This reminded me of Peter Levine's Somatic Experiencing method, to try to establish a safe place that people can return to, as they revisit old trauma and try to complete the action needed to let it go. Most often this involves shivering like prey animals do after escaping a predator (to shake off the excess cortisol so they can return to baseline health, no longer carrying the trauma). The body knows how to complete the stress response, when the conditions are right. True physical healing requires (some form of) this process.
What taking responsibility means — and what it doesn't
Healing requires taking responsibility for the situation we find ourselves in. This is not the same as self-blame, blaming the victim, the situation, or blaming others.
Blame says: this happened to me and someone is at fault.
Responsibility says: this is where I am, and I am the one who can move from here.
The body will not release what the mind is still fighting over. And the body can't heal if the person doesn't make different choices to create a safer environment.
Unique Psychology shows us what that plan is. For working with sensitive kids, it reframes the question from: "what is wrong with my child" to "what does my child need in order to move through this?"
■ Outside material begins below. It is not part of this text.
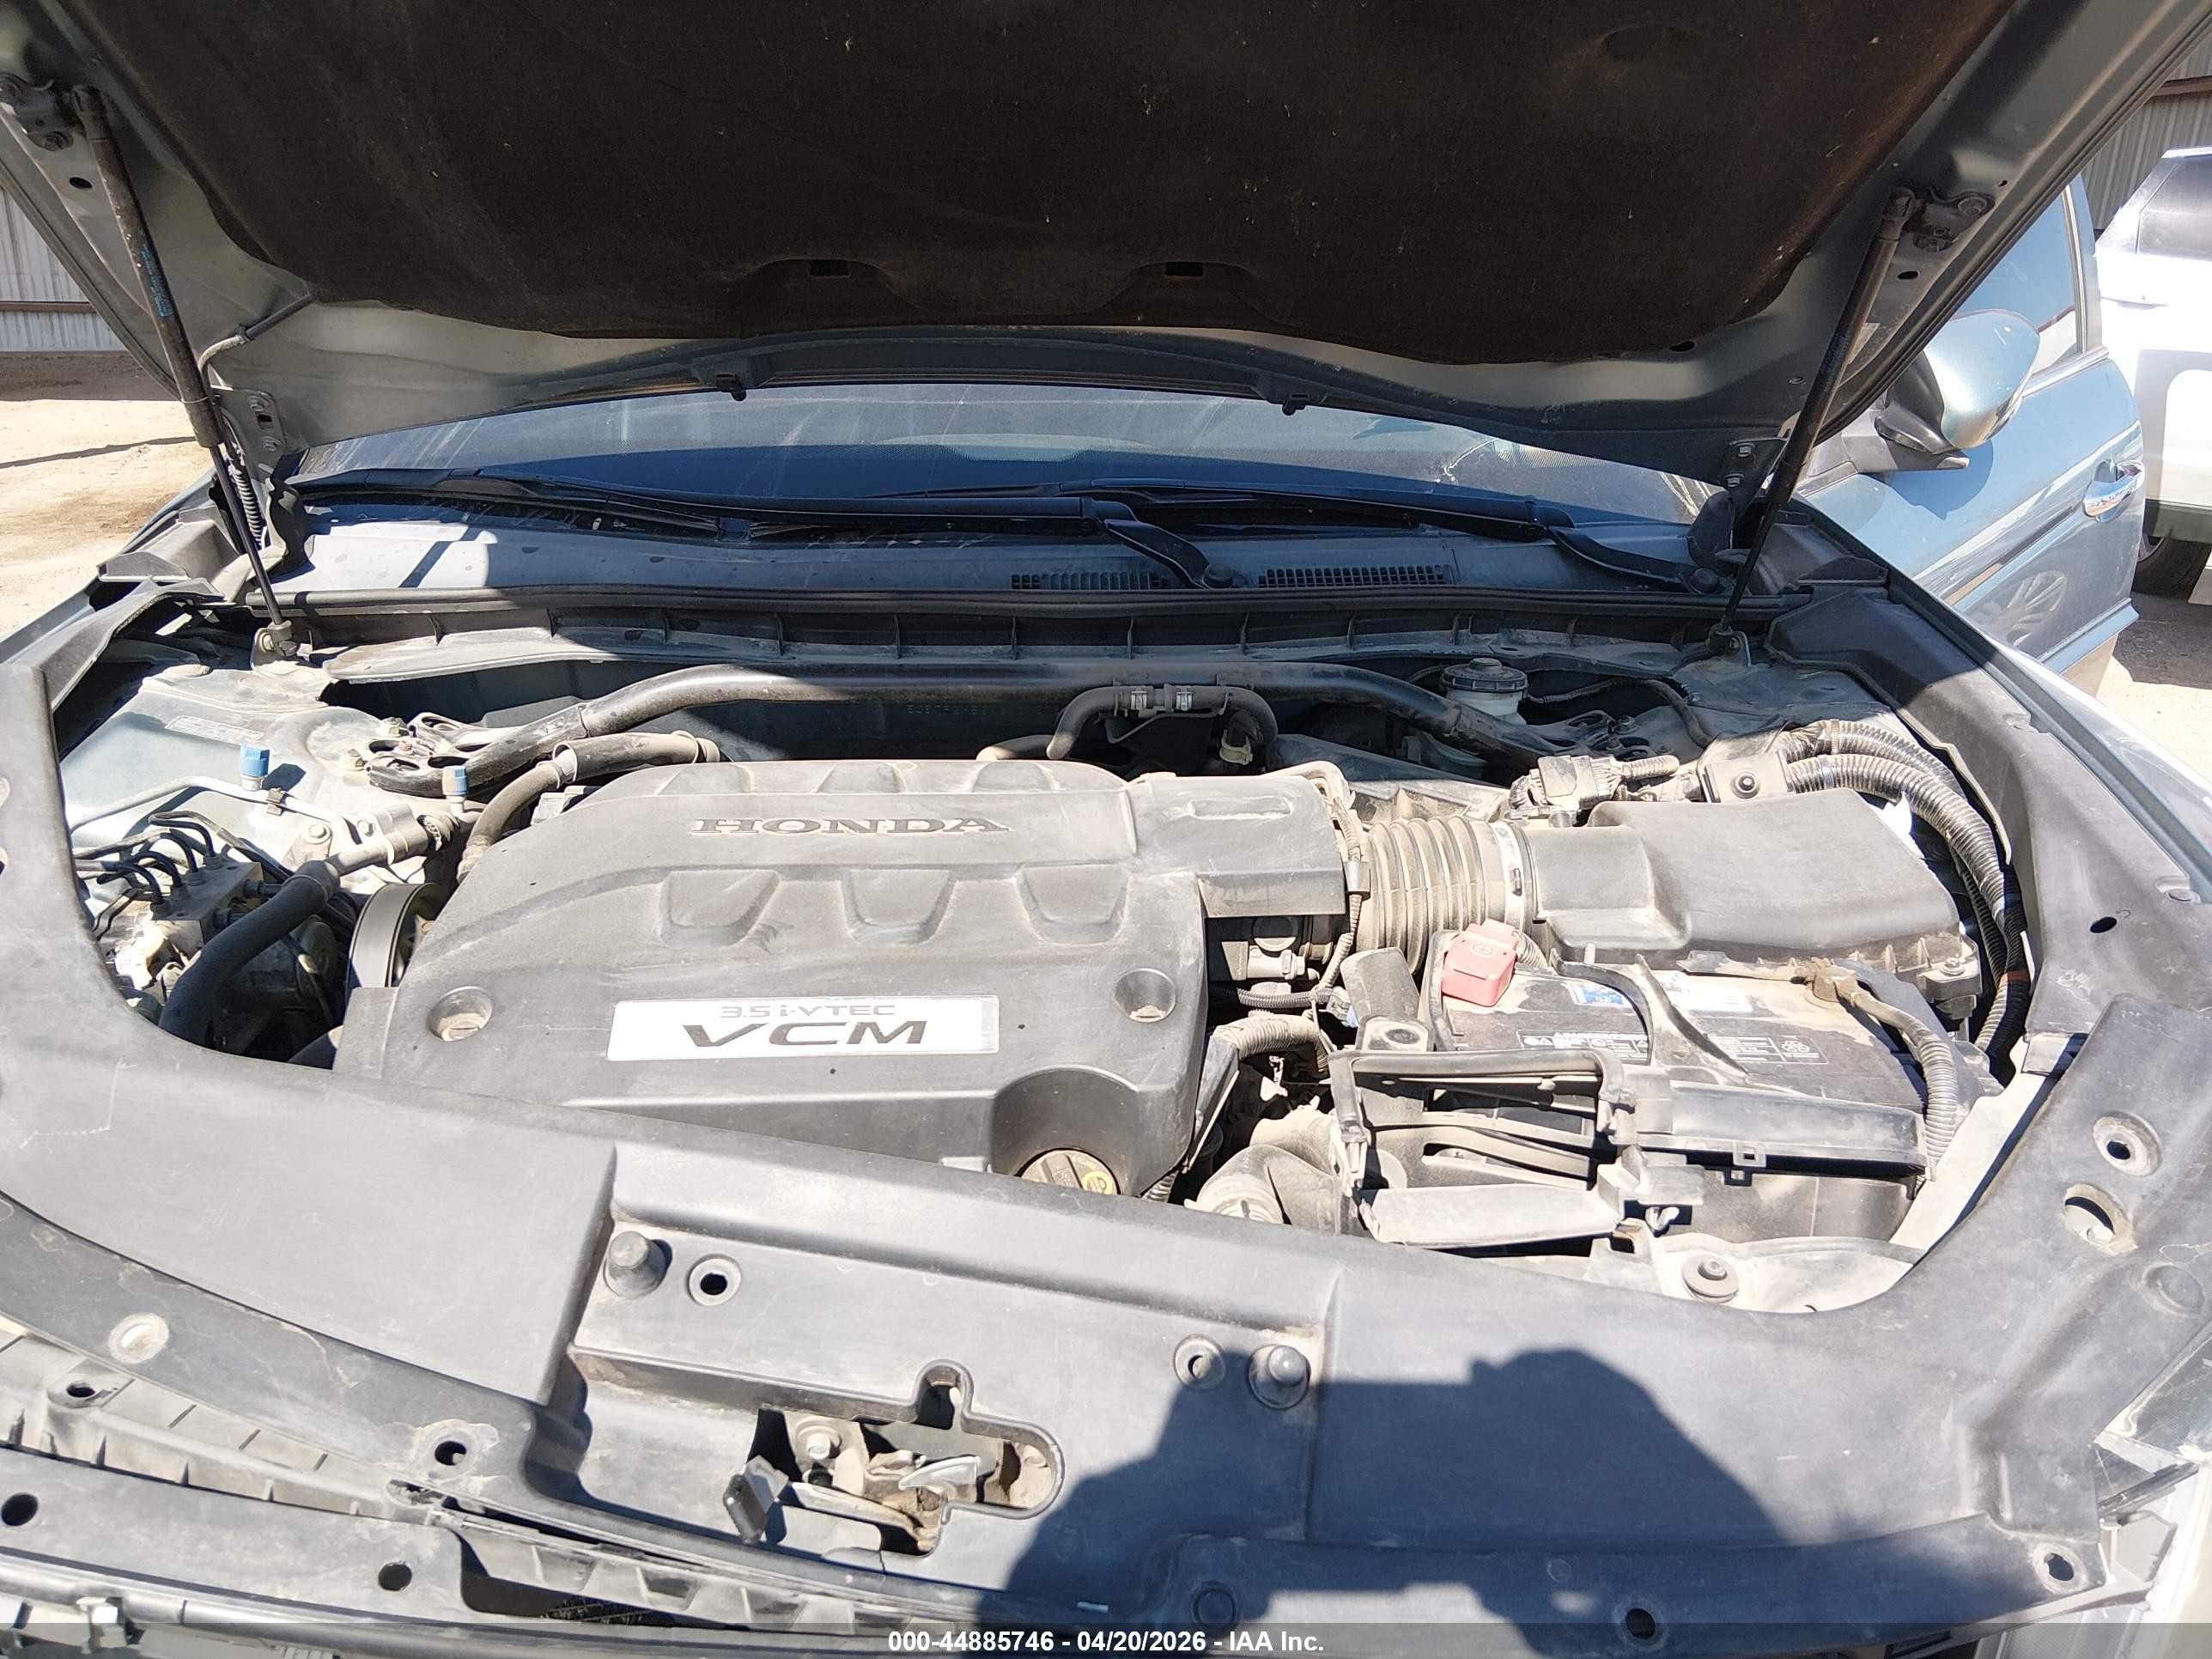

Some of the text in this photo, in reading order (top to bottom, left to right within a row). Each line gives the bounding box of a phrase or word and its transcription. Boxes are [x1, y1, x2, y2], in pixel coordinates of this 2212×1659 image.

That is where I come in. Not to fix. Not to cure. But to find whatever piece we can make a little more solid — and to be honest about what is possible, what the sequence needs to be, and what has to come first.
I also want to be honest: I may not have gone to the depths of suffering that some people have gone to in this life. Getting out of where they are may be harder than getting out of where I was. I am not trying to minimize this. Sometimes the odds feel stacked against us and there doesn't seem to be any way out. This is why I love that Esogetics helps us see options that we couldn't see before. The most respectful thing I can offer is empowerment, to give people more capacity to navigate their life.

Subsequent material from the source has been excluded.